Regardless of EF, the rate of thromboembolic in-hospital events and during follow-up time is higher in TTS as compared to ACS patients. Templin et al. have reported a high risk for thromboembolic events as ventricular thrombi and stroke or transient ischemic attacks in TTS patients (2). The slow blood flow in the LV may be one of the reasons for the development of ventricular thrombi in TTS patients. In the course of TTS, EF increased, and the wall motion abnormalities disappeared completely. Presented thrombi could leave left chamber into the peripheral arteries which can increase the risk of an embolic event and stroke. Other explanations for thromboembolic events in TTS patients with a moderated EF≥35% might point towards malignancy. Our data present a higher cancer rate in TTS patients with EF≥35% as compared to ACS patients. Several other studies have shown an association between TTS and cancer (21,23,27). A high rate of breast cancer has also been observed in TTS patients following gastrointestinal and gynecological malignancies (28).

In-hospital mortality in TTS patients with EF<35% was observed in 11.9%. Previously published data on TTS have shown that a reduced EF<35% is more associated with a poor outcome as compared to EF>35%. Our data showed a higher rate than the reported rate in the literature (1-4.5%) (2,14,29,30). This rate is significantly lower as compared to ACS patients with EF<35% (36.3%). Consequently, a cardiopulmonary resuscitation rate was significantly higher in ACS patients as compared to TTS patients with EF<35% (11.9% vs. 32.5%). This might be related to the higher rate of ventricular arrhythmias in ACS patients as compared to TTS patients (16.7% vs. 28.7%). Citro et al. have reported a higher incidence of cardiogenic shock, intra-aortic balloon pump use, and acute heart failure in TTS patients with EF<35% as compared to EF>35% (8). Our data present a similar cardiogenic shock rate in TTS in comparison to ACS patients with EF<35%.

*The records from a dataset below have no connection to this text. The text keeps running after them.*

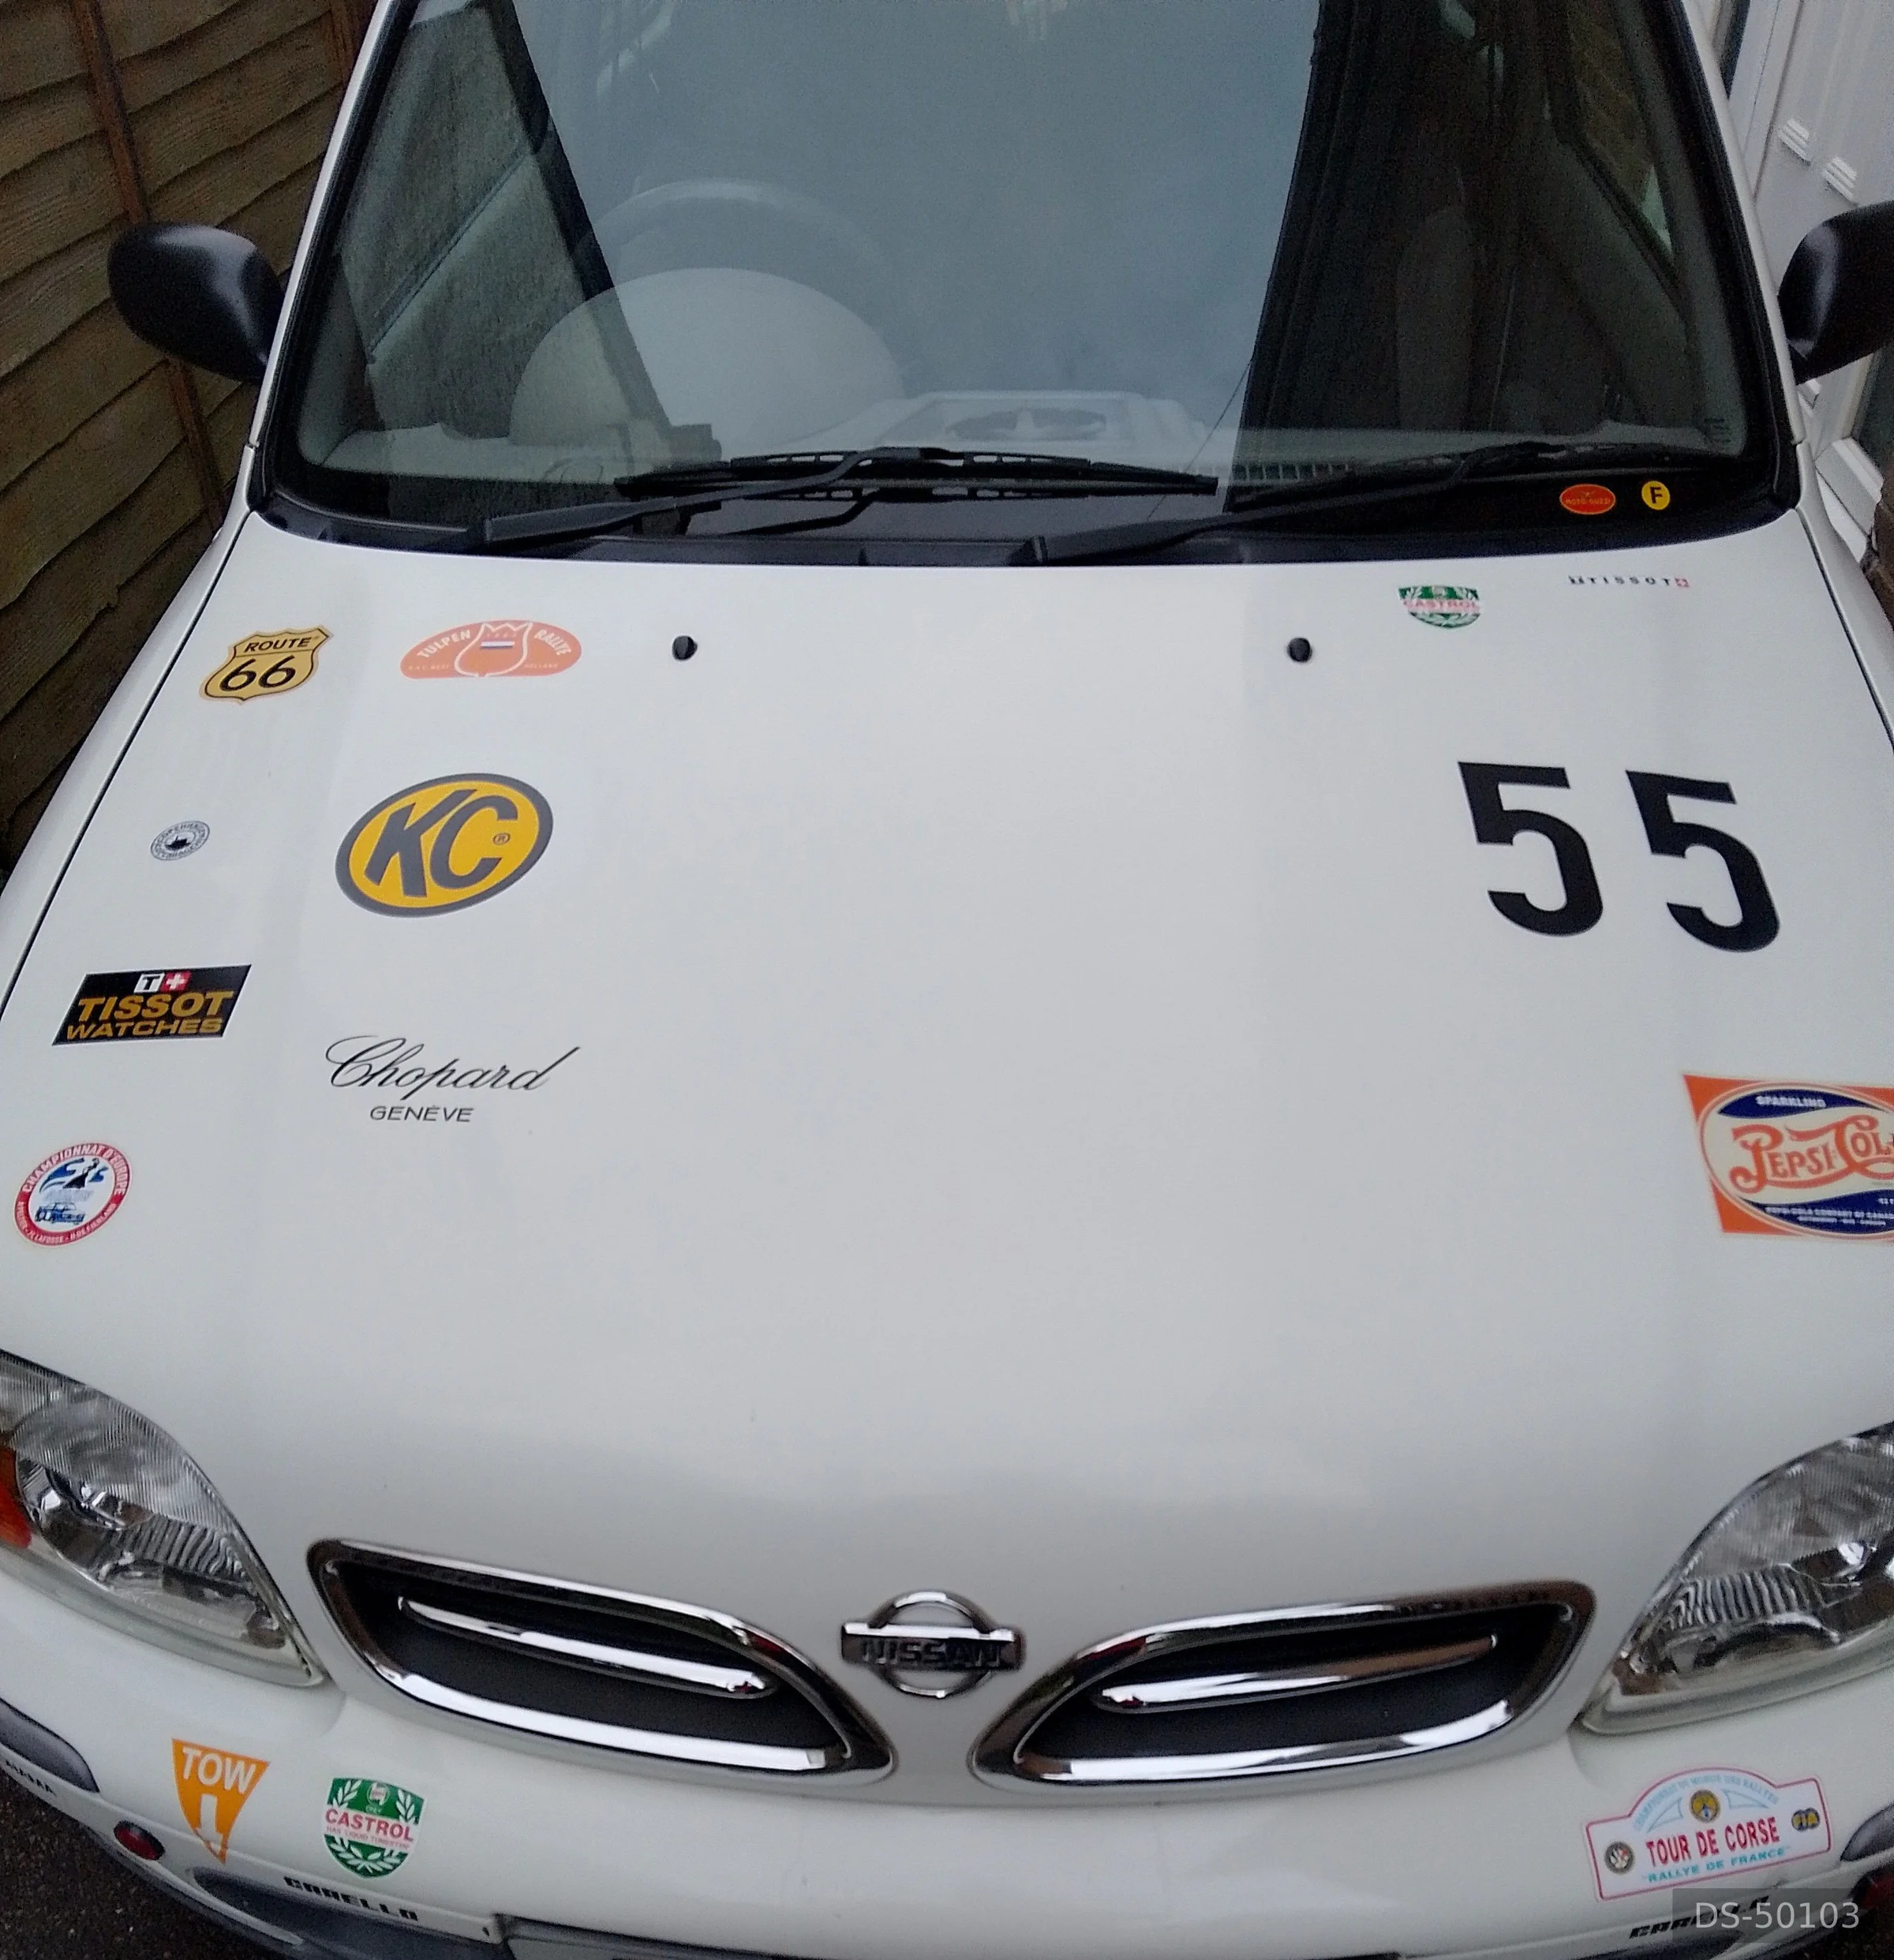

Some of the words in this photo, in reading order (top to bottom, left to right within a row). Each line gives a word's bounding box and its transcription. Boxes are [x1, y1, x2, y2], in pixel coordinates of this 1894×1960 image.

[1650, 486, 1663, 503] F
[244, 637, 313, 653] ROUTE
[417, 630, 470, 657] TULPEN
[219, 646, 297, 691] 66
[364, 789, 518, 898] KC
[79, 991, 234, 1023] TISSOT
[66, 1018, 223, 1040] WATCHES
[325, 1035, 580, 1100] Chopard
[22, 1143, 105, 1192] CHAMPIONNAT
[103, 1147, 127, 1195] D'EUROPE
[862, 1638, 1001, 1667] NISSAN
[182, 1746, 256, 1794] TOW
[325, 1809, 414, 1842] CASTROL
[1645, 1834, 1692, 1868] TOUR
[1695, 1828, 1720, 1857] DE
[1724, 1816, 1780, 1852] CORSE
[1706, 1860, 1724, 1870] DE

There are some limitations to this study. This study is monocentric and the number of patients with TTS was relatively small compared to other studies. A bias due to unknown or unmeasured cofounders cannot be excluded due to the retrospective character of the study. However, EF measurement using the Simpson method is not always measurable, especially in patients with obesity, COPD or under ICU management. Finally, in some patients, data are missing about cause of death.

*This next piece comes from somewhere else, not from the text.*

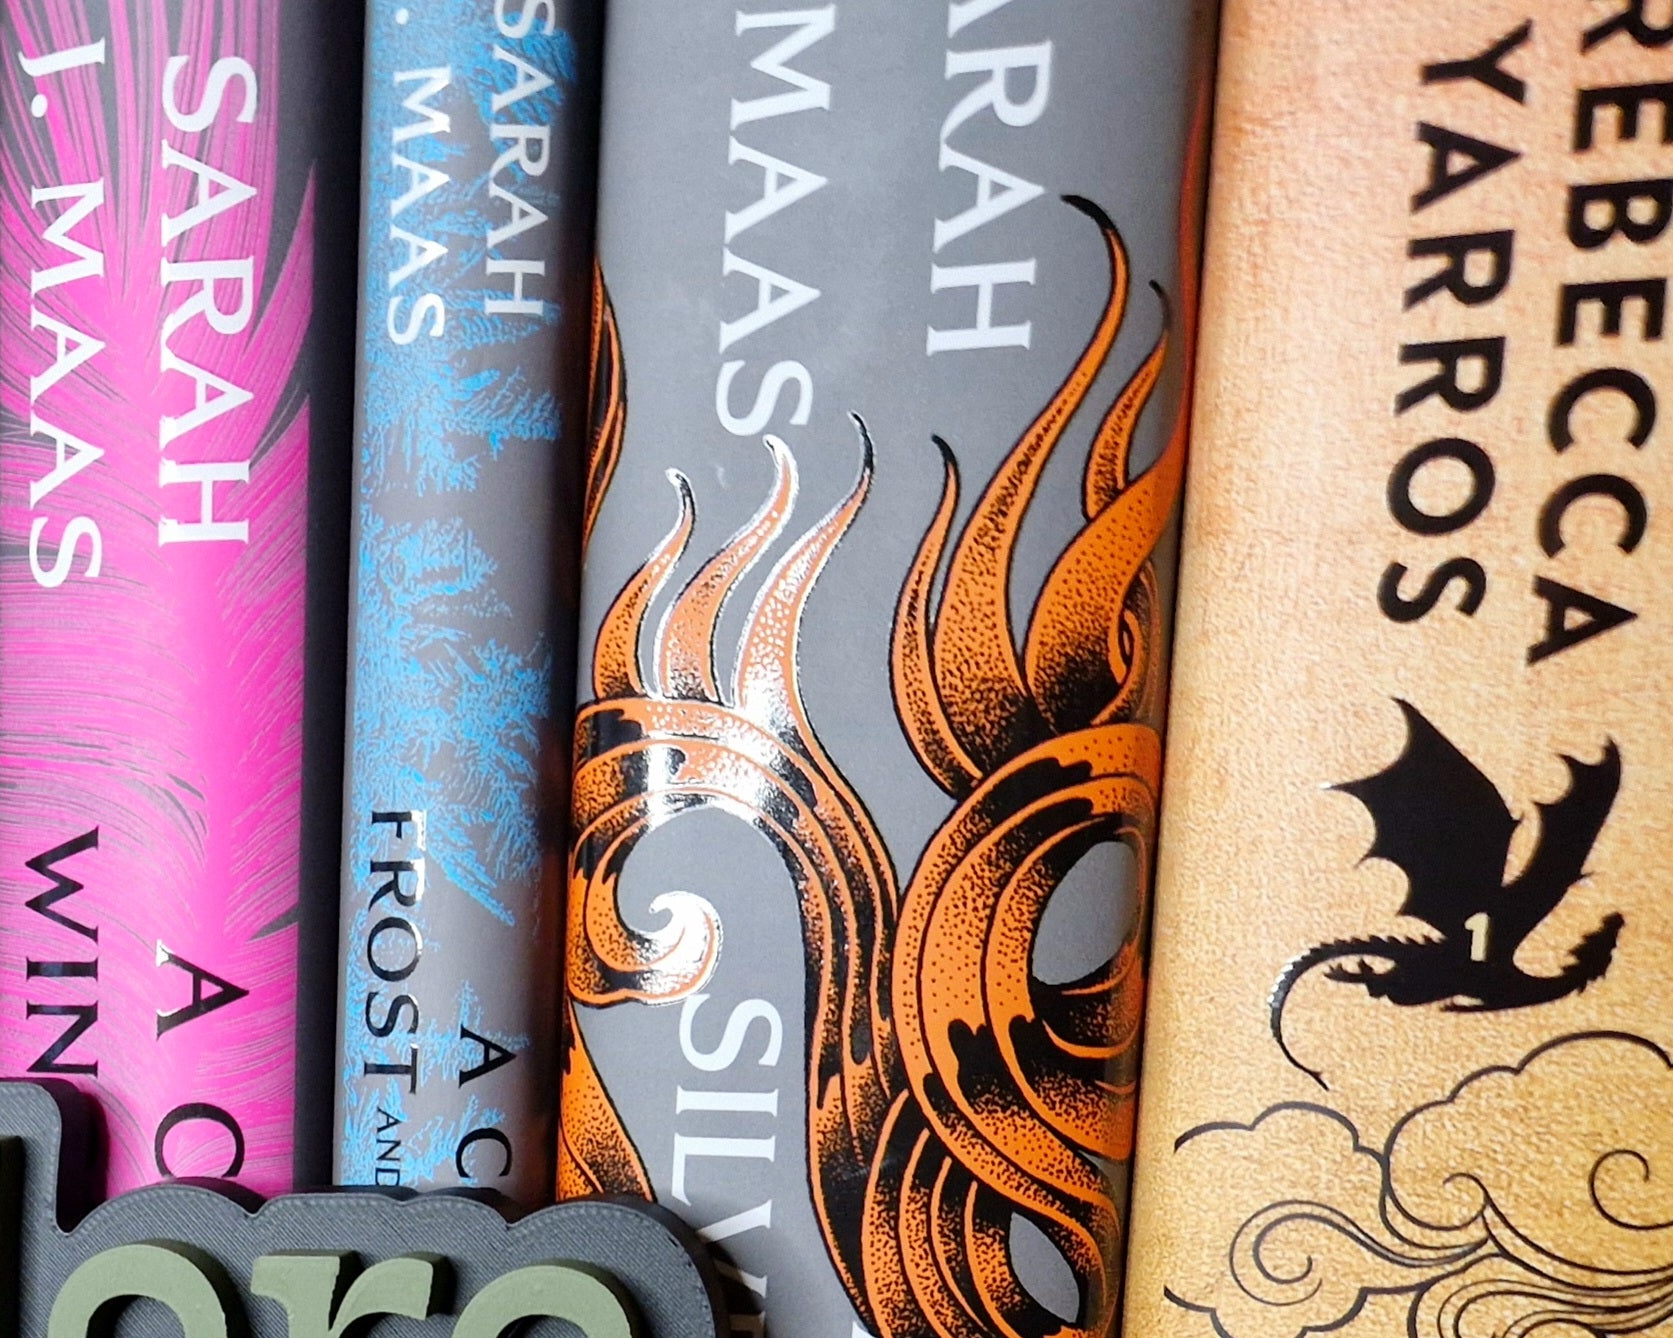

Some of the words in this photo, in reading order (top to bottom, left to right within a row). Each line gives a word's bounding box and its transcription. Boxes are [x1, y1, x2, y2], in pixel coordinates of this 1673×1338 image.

Despite these limitations, our data show that male gender, malignancy and EF<35% can be estimated as independent predictors of the mortality in TTS patients. A reduced EF has been proposed by numerous studies as an independent predictor of an in-hospital complication in TTS patients and ACS patients (8-10). Additional independent predictors of in-hospital complications in TTS have been previously noticed, such as an existence of physical stressor, old age, male as gender, elevated troponin level and acute neurologic or psychiatric illness (2,8,31).

Considering these data, it might be recommended to order a frequent in-hospital follow-up and long-term follow-up in TTS patients with an initial EF<35% and EF≥35%. TTS may present a catch-up phenomenon.

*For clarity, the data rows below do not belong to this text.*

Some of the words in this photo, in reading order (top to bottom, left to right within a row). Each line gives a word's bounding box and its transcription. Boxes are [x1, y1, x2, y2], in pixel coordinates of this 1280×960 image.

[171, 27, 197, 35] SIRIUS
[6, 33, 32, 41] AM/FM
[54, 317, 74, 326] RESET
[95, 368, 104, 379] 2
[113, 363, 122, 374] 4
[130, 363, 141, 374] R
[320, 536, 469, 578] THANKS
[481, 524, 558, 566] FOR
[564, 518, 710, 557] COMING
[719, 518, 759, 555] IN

In conclusion, an in-hospital mortality rate in patients with EF<35% is significantly lower in TTS compared to ACS patients dominated by cardiovascular deaths, but the long-term outcome is comparable in both groups during a 5-year follow-up. Even though the in-hospital mortality of TTS and ACS with EF≥35% is similar, the long-term mortality rate is significantly higher in TTS compared to ACS patients with a major impact on a non-cardiovascular cause of death at 5-years of follow-up. Respectively, TTS patients with EF≥35% require longer follow-up and post-rehabilitation support compared to ACS patients to reduce the long-time mortality.

Conflicts of Interest

The Authors report no conflicts of interest.

Authors’ Contributions

Data were gathered by MA, IE, TG and MK. MA analyzed all data. XZ and SL supported the descriptive statistics. Echocardiographic assessment was performed by IE and MB. IA and MB performed coronary angiography. IA and IE designed the study and approved the statistical analysis. MA and IA prepared the manuscript. All Authors approved the final version.

Acknowledgements

This research did not receive any specific grant from funding agencies in the public, commercial, or not-for-profit sectors.